You’re wrong. You did, you just don’t remember doing it. Time and memory are strange enough already but in that house…things work a little bit differently in that house. Time is like confetti in there.

Stacy! Gio is really drunk and my fucking arms are getting tired from propping him up so can you please stop talking crazy and just help me take him home?

You both climbed up that tower but whatever you saw up there obviously served no purpose for you or you would have taken something, too. But little fuegito boracho over here saw something he liked a lot: The house’s broken heart. He wanted it and he stole it while nobody was looking.

She had anger in her face. But not the kind of anger you have at someone you hate. The kind of anger a mother has when their son has done something really fucking stupid and they are scared for him.

…What did he steal?

Something he’s already been clinging to for most of his life, she said. And she pointed to his left hand. Clutched in a death grip as he rocked and sang to himself quietly. I tried to open it but he wouldn’t budge. I had to sit him down on the cobbled street and he landed on his ass with a thud. I pried and I pried and I pried on his hand but he wouldn’t let go.

Let me help you with that, Stacey said.

¡T I I I I I I I I N G!

On her fingers were little golden bells and she slammed them together so hard that I could see the wave of sound fly out from them and envelope around us in concentric circles. Like someone had thrown a rock into a lifeless pond.

Then, Gio’s hand opened like a door, only I wished it hadn’t. I didn’t scream when I saw what I saw, but tears just started falling down my face like someone had stabbed the ducts and were bleeding me out to dry. I felt a sadness I hadn’t felt in years and I forgot about all the joy in my life. I forgot about dancing with the jungle cats or stumbling into a drag show, or how adorable Gio can be when he wants to tell you about the bass guitar and just goes on and on like words are going out of style. Looking at him now I felt emptiness. Just complete emptiness.

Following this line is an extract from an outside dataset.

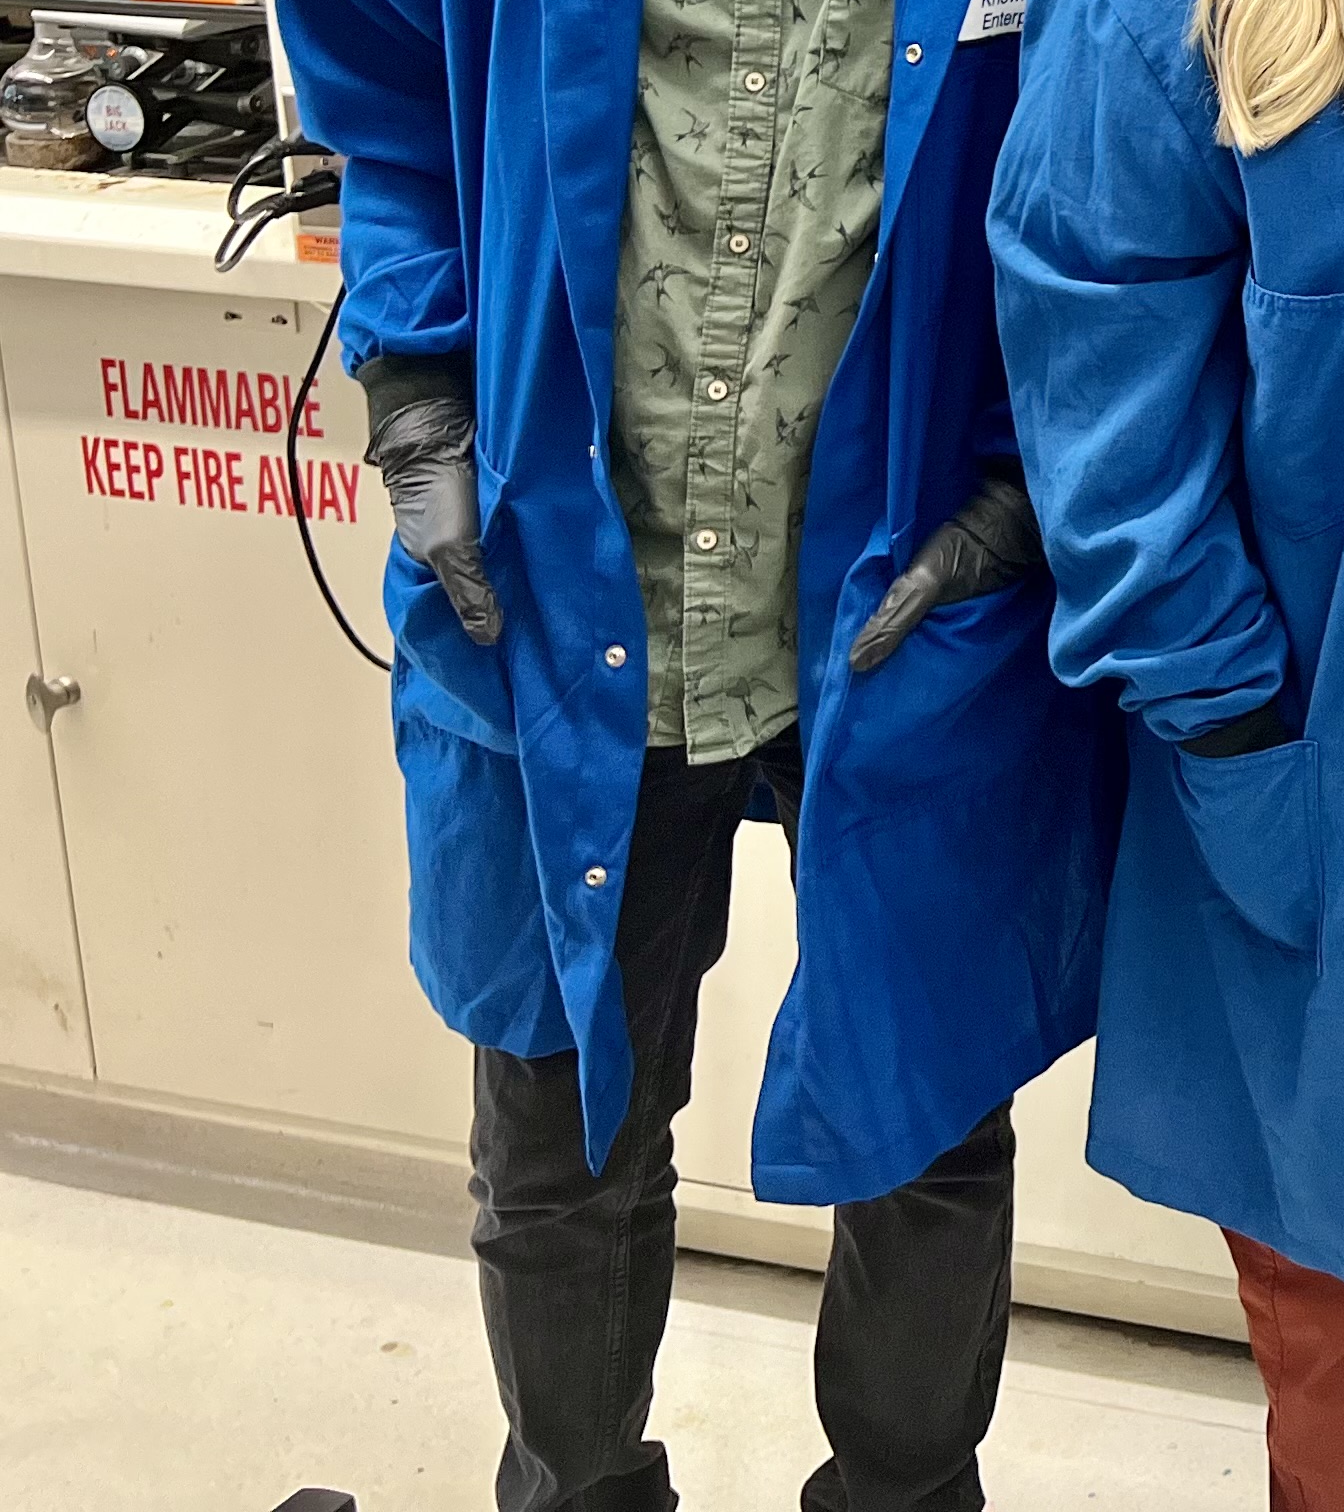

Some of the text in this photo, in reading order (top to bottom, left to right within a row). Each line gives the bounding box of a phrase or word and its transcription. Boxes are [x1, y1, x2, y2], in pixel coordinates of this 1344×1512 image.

[982, 12, 1025, 30] Enterp
[100, 357, 324, 438] FLAMMABLE
[81, 435, 360, 524] KEEP FIRE AWAY

At the center of his palm was this shiny little stone the shape of a broken heart. Deep pools of black ink were puddling on the lines of his palms and seeping into his veins. From there, the black muck ran up his arm and directly into his heart. With his pale winter skin against the moonlight, he looked dead. I felt so sad looking at him but I didn’t want to look anywhere else. I felt cold. I felt like death. I liked it.

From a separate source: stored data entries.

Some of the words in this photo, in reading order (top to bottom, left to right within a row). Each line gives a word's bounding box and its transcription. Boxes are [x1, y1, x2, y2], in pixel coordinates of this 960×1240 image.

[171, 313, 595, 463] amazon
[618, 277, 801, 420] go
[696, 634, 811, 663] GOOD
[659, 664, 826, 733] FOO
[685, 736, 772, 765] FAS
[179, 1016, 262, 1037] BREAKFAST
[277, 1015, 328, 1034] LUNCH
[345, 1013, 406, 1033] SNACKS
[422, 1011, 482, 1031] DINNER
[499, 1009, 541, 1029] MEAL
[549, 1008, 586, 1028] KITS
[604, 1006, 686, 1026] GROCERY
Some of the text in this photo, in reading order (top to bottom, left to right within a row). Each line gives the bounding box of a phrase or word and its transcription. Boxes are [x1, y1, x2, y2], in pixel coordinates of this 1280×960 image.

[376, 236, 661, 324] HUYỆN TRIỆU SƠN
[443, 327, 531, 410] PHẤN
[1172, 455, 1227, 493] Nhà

Wow, I thought. I really fucking hate myself. I am a terrible person.

Stacey didn’t speak. There was no noise except the waves crashing a quarter mile west. That, and Gio’s voice quietly singing in the night.

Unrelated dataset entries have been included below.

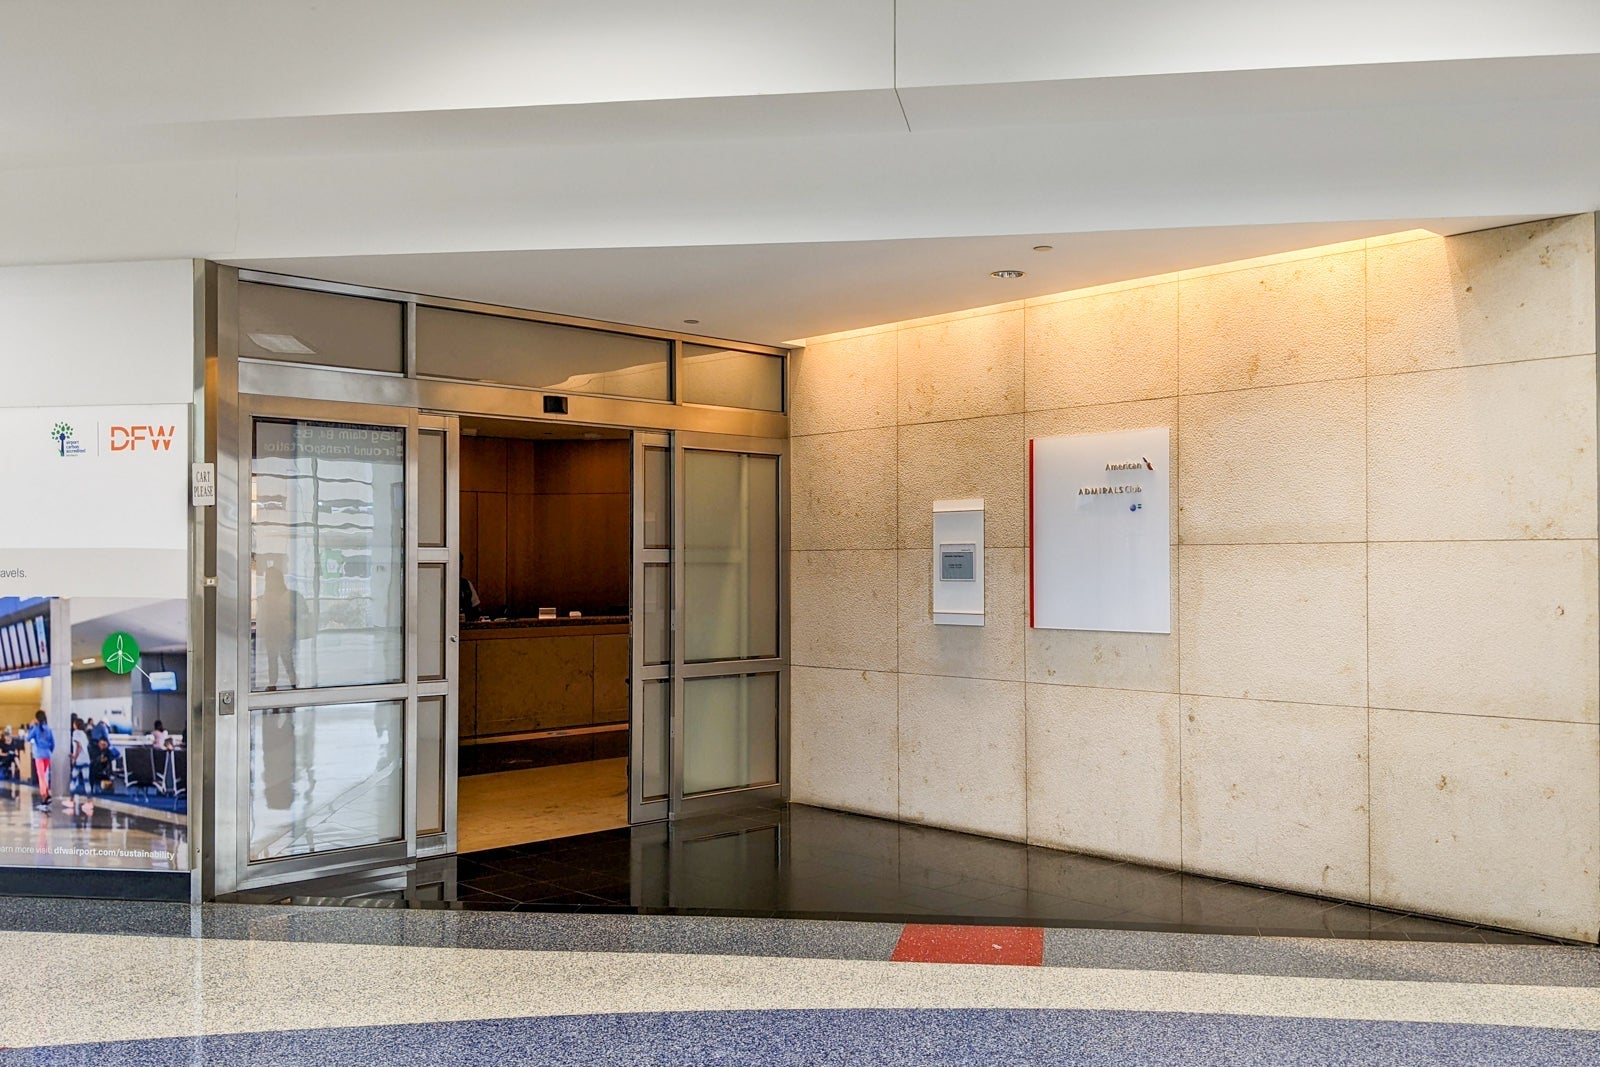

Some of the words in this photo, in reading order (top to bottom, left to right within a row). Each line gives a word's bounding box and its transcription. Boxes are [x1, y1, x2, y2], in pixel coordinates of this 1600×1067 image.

[110, 425, 175, 451] DFW
[1105, 462, 1142, 471] American
[196, 471, 210, 482] CART
[194, 486, 213, 497] PLEASE
[1078, 486, 1123, 495] ADMIRALS
[1124, 485, 1142, 493] Club
[54, 847, 175, 861] dfwairport.com/sustainability

How darkly the Dark Hand met his end…

He was withered and bony, exposed for a phony,

But we heed the last words that he penned:

Haste to disgrace a traitor, do not wait till later.

I don’t think that you’ve got to pretend,

I see God in birds and Satan in long words…

Listen Calluna! Snap out of it!

Stacey had been talking to me for a while. How long, I couldn’t tell. But I had no memory of what she said. I realized I'd been singing that same song with Gio on loop for who knows how many times. It felt good to sit and sing and be miserable with him. Stacey shaking me back to life felt cruel. Like I was a child being ripped out of bed in the middle of the night.

I’ll explain everything but there’s no time right now, Mamacita. It’s almost the witching hour and it’s a full moon. We need to get into that house right now.

What?

You heard me.

…But that’s breaking and entering.

Don’t worry, we won’t wake him up. But Fuegito needs to give back what he stole. And you and I need to protect him. He’s too weak to do this alone right now.

He can’t go in there like this! He can barely walk.

Oh, I can help with that. Fuegito! Chh-Chh!

Gio broke his sluggish trance and looked directly up at Stacey like a dog waiting for his treat. Then, with definite purpose, she slammed her fingers together and the soundwave took to the air like snow.

I saw something start to spark and burn and simmer in the air above him. This was the first time I’d seen it. But maybe it was there all the days I’d know him. Maybe I just kept forgetting about it. But as I looked at it, the black feeling started to fade and I felt warmer.

It was a little green flame floating over his head.